* **Excerpts from a dataset**:

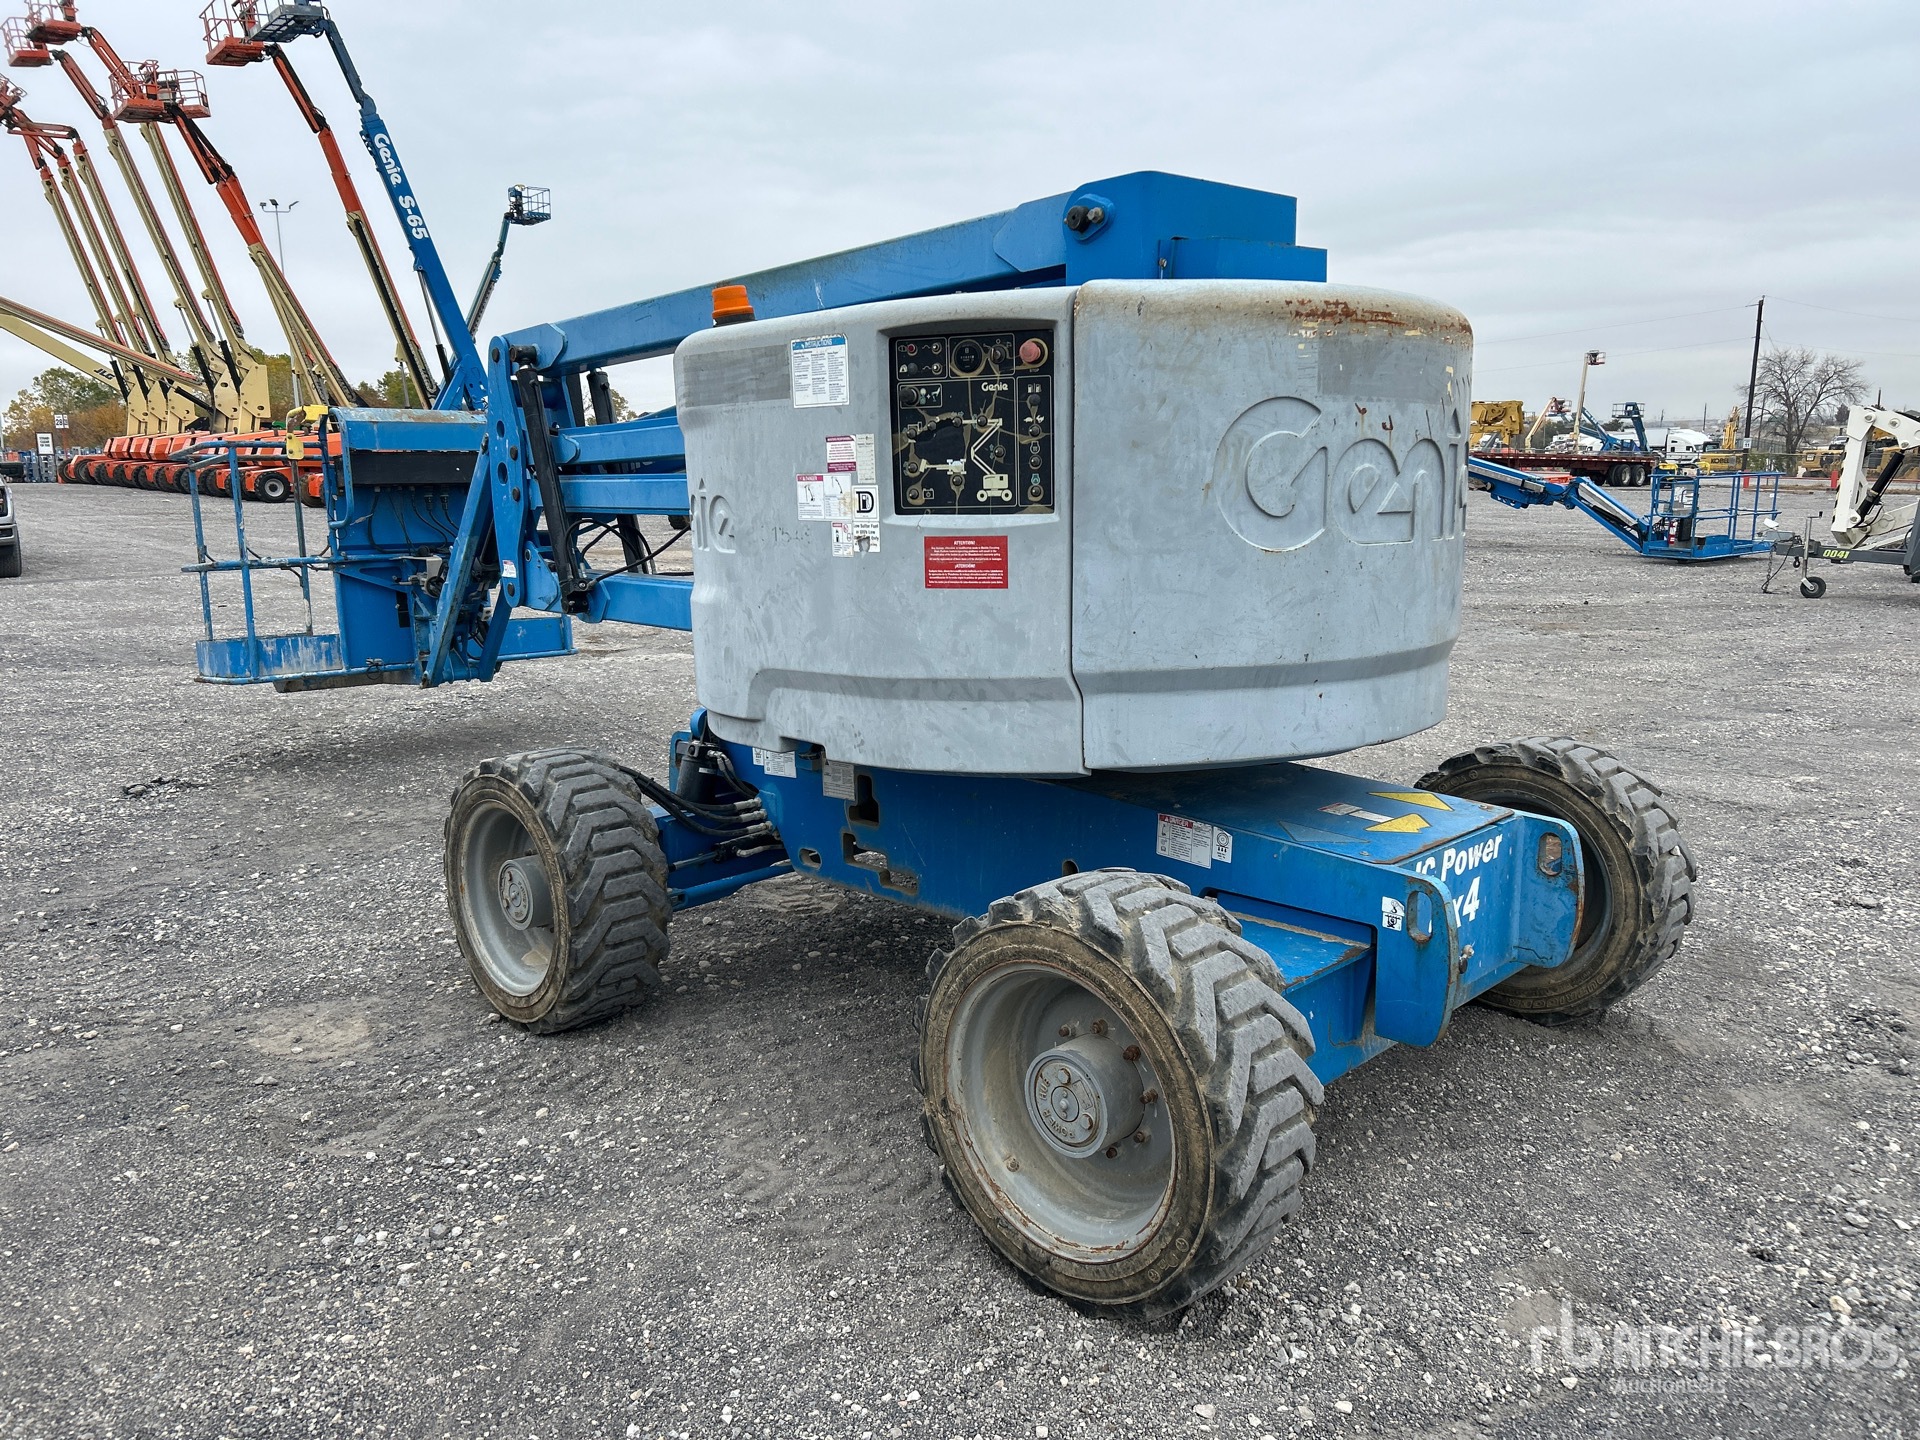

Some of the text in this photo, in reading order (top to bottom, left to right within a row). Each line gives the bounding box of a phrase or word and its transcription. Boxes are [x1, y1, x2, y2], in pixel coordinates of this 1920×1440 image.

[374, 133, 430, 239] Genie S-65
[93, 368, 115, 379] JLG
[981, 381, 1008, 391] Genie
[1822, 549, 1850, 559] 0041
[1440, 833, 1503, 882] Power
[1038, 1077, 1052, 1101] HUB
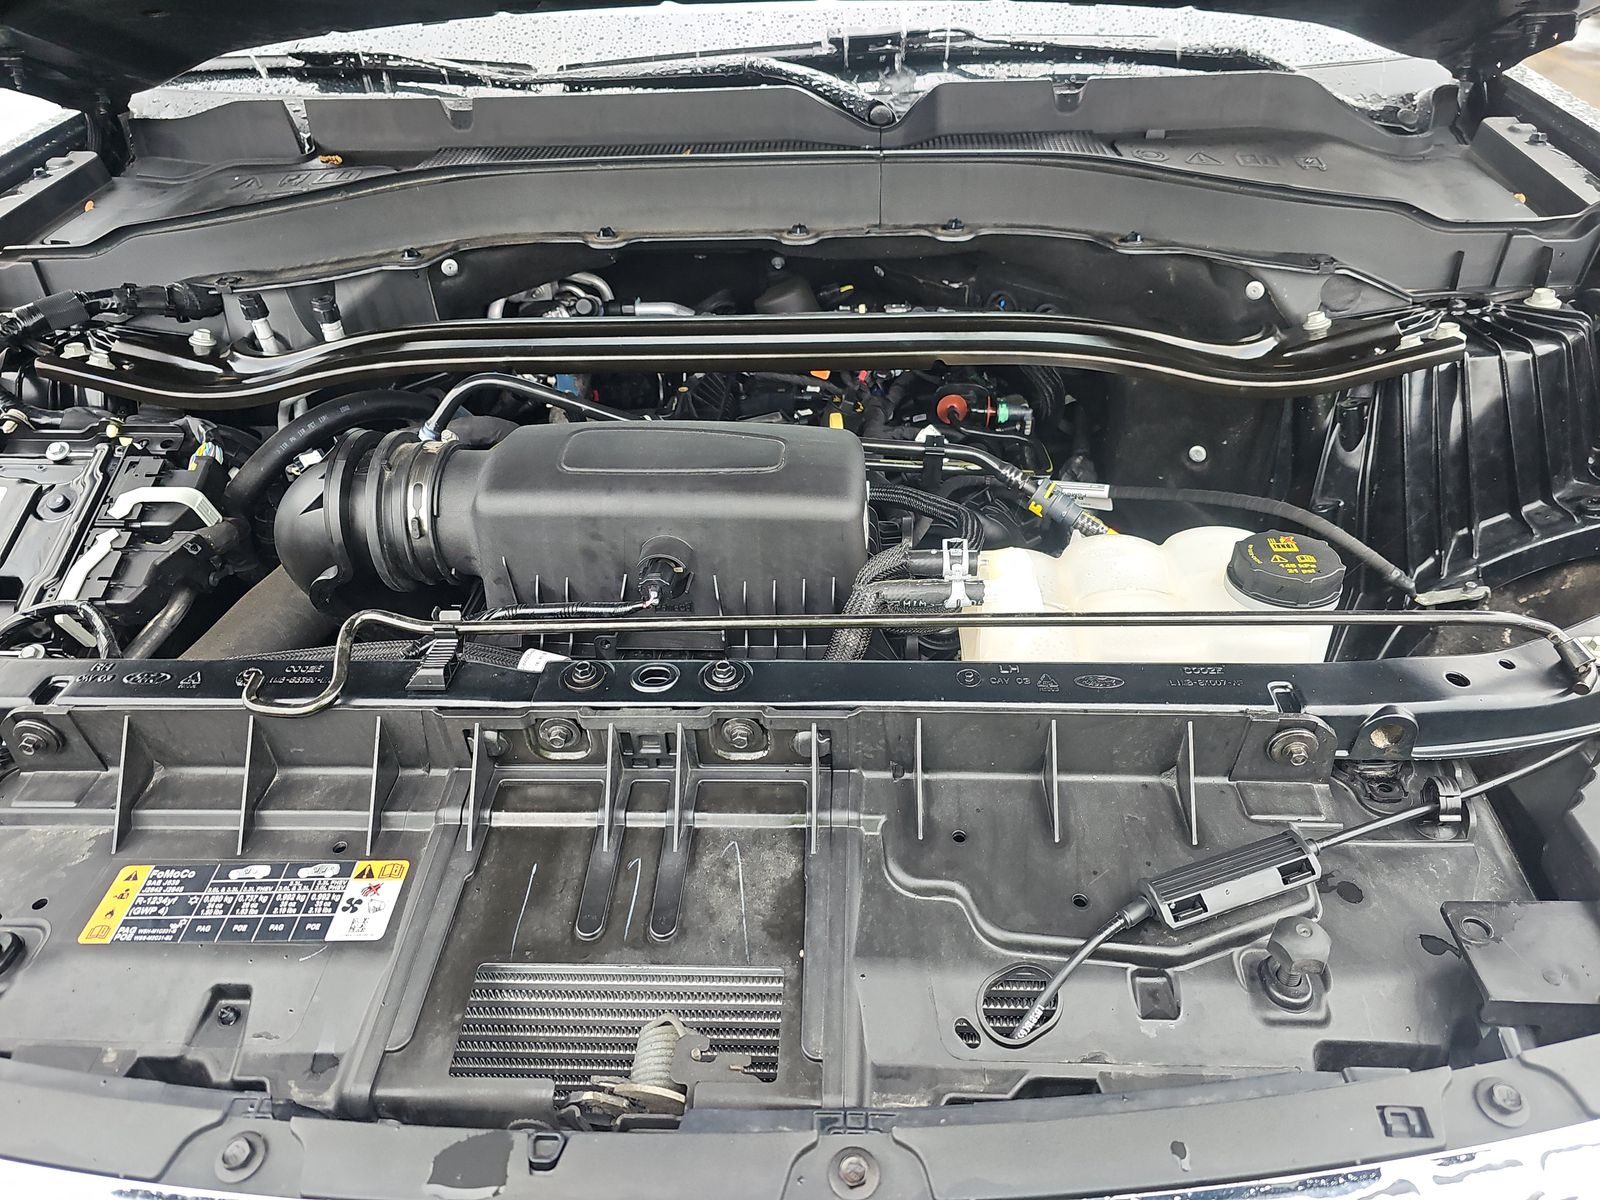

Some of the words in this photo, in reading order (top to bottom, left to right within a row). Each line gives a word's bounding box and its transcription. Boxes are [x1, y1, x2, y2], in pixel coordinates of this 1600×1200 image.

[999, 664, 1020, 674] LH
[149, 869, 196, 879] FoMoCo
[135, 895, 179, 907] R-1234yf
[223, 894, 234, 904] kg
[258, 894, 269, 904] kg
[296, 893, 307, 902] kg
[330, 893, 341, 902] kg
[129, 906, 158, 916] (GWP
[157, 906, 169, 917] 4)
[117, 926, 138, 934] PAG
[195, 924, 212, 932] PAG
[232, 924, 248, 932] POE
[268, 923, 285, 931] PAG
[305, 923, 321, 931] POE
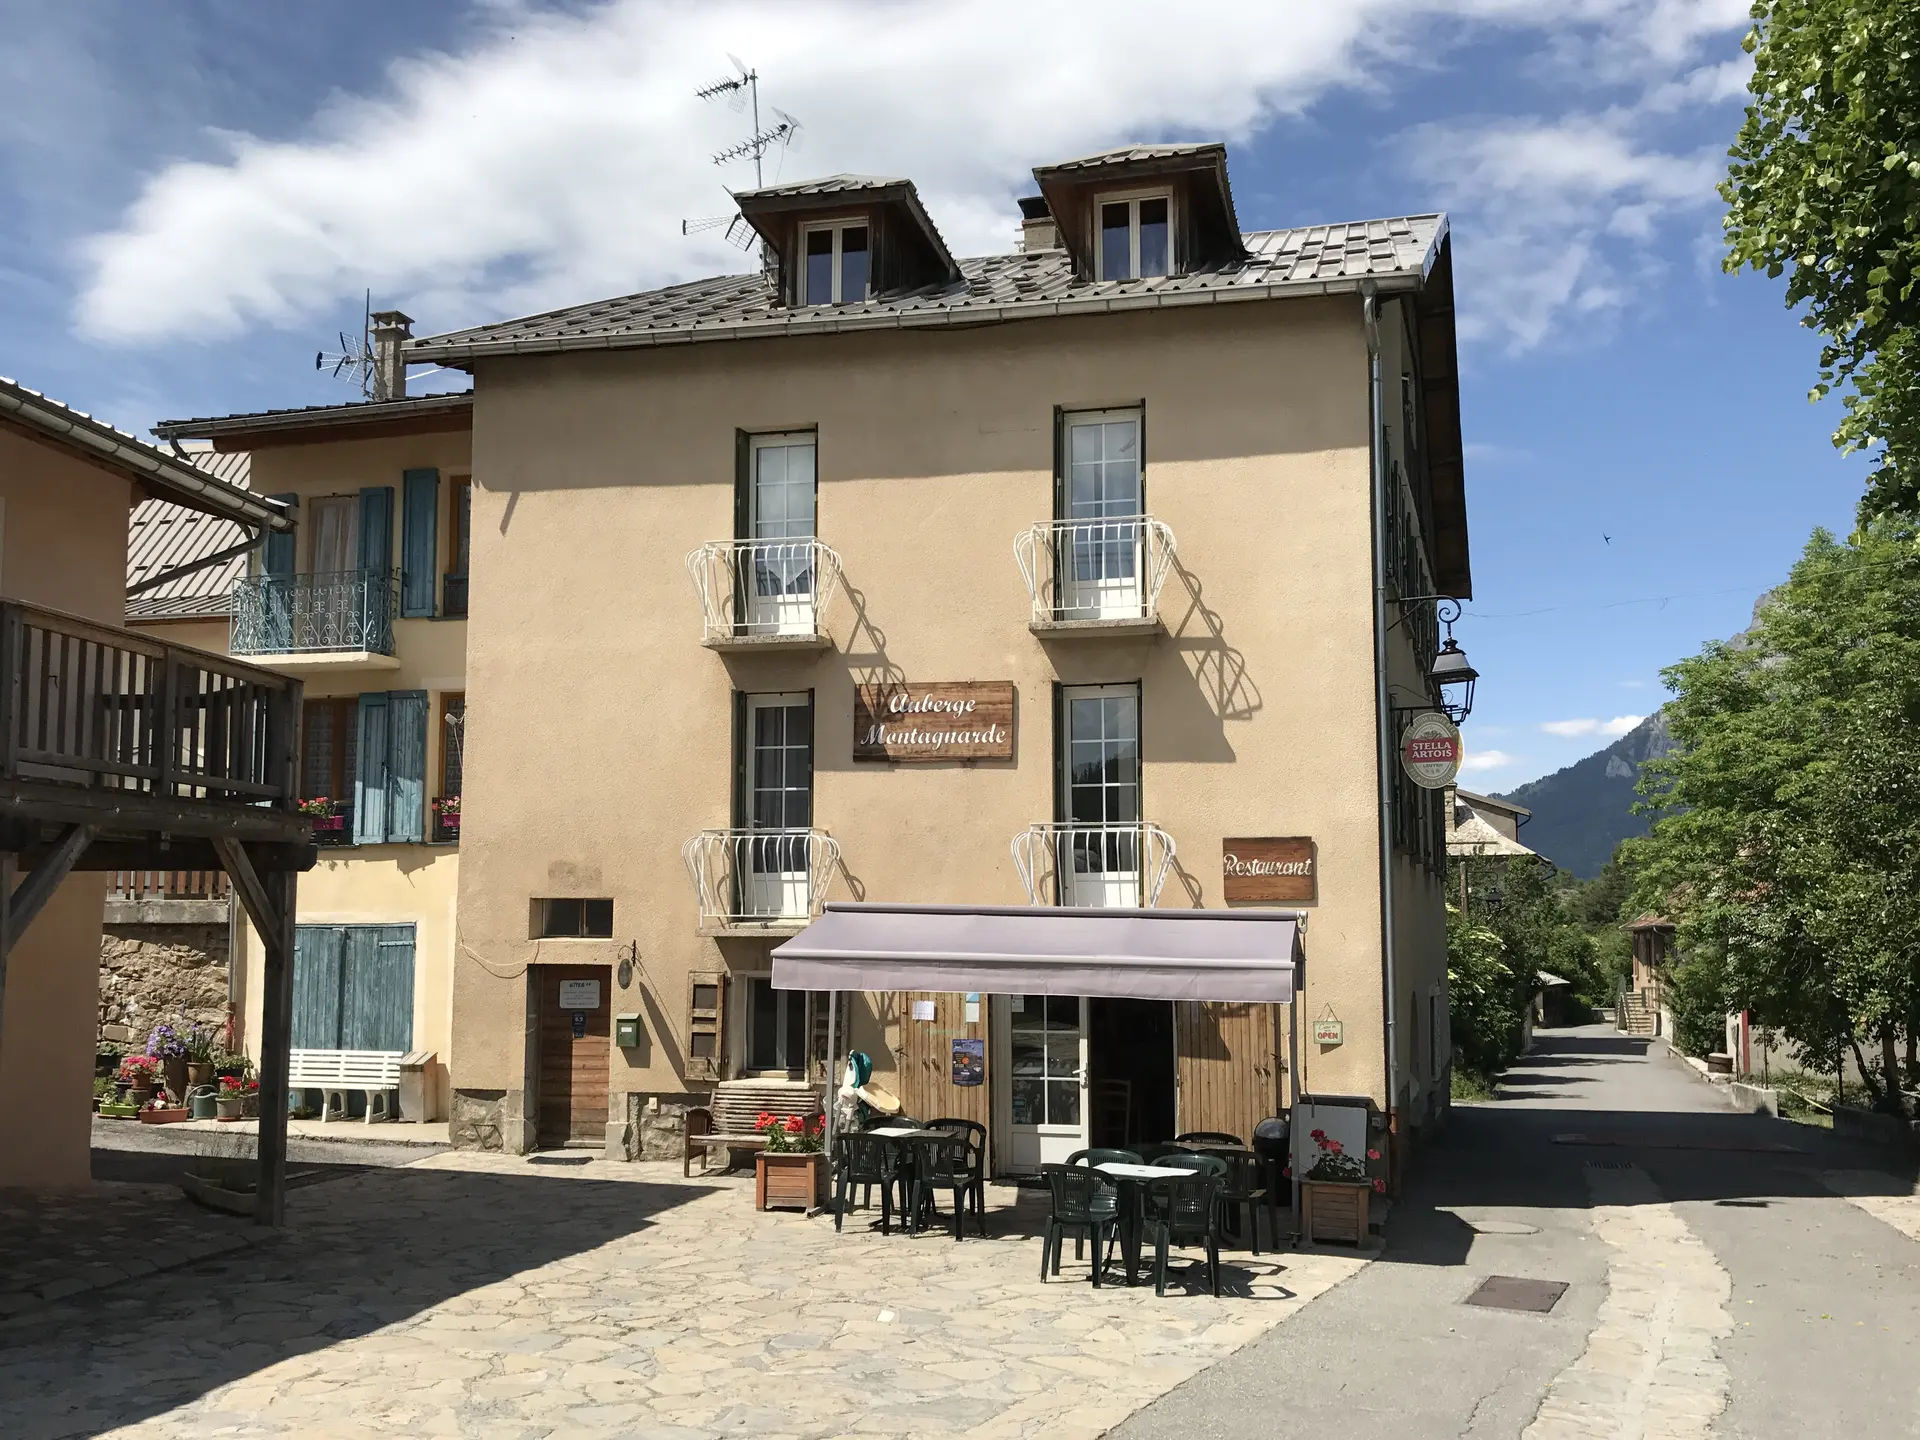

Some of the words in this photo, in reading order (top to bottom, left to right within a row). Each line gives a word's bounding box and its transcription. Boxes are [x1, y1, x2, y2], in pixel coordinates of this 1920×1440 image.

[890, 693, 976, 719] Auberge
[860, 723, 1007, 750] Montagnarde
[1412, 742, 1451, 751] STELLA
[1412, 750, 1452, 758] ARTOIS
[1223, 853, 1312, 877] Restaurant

* **PROBLEM TO WORK ON**: Go through the entries above and write them out again exactly, images left behind.

* **EXPECTED OUTPUT**:
Some of the text in this photo, in reading order (top to bottom, left to right within a row). Each line gives the bounding box of a phrase or word and its transcription. Boxes are [x1, y1, x2, y2], in pixel coordinates of this 1920×1440 image.

[374, 133, 430, 239] Genie S-65
[93, 368, 115, 379] JLG
[981, 381, 1008, 391] Genie
[1822, 549, 1850, 559] 0041
[1440, 833, 1503, 882] Power
[1038, 1077, 1052, 1101] HUB

Some of the words in this photo, in reading order (top to bottom, left to right within a row). Each line gives a word's bounding box and its transcription. Boxes are [x1, y1, x2, y2], in pixel coordinates of this 1600×1200 image.

[999, 664, 1020, 674] LH
[149, 869, 196, 879] FoMoCo
[135, 895, 179, 907] R-1234yf
[223, 894, 234, 904] kg
[258, 894, 269, 904] kg
[296, 893, 307, 902] kg
[330, 893, 341, 902] kg
[129, 906, 158, 916] (GWP
[157, 906, 169, 917] 4)
[117, 926, 138, 934] PAG
[195, 924, 212, 932] PAG
[232, 924, 248, 932] POE
[268, 923, 285, 931] PAG
[305, 923, 321, 931] POE

Some of the words in this photo, in reading order (top to bottom, left to right within a row). Each line gives a word's bounding box and its transcription. Boxes are [x1, y1, x2, y2], in pixel coordinates of this 1920×1440 image.

[890, 693, 976, 719] Auberge
[860, 723, 1007, 750] Montagnarde
[1412, 742, 1451, 751] STELLA
[1412, 750, 1452, 758] ARTOIS
[1223, 853, 1312, 877] Restaurant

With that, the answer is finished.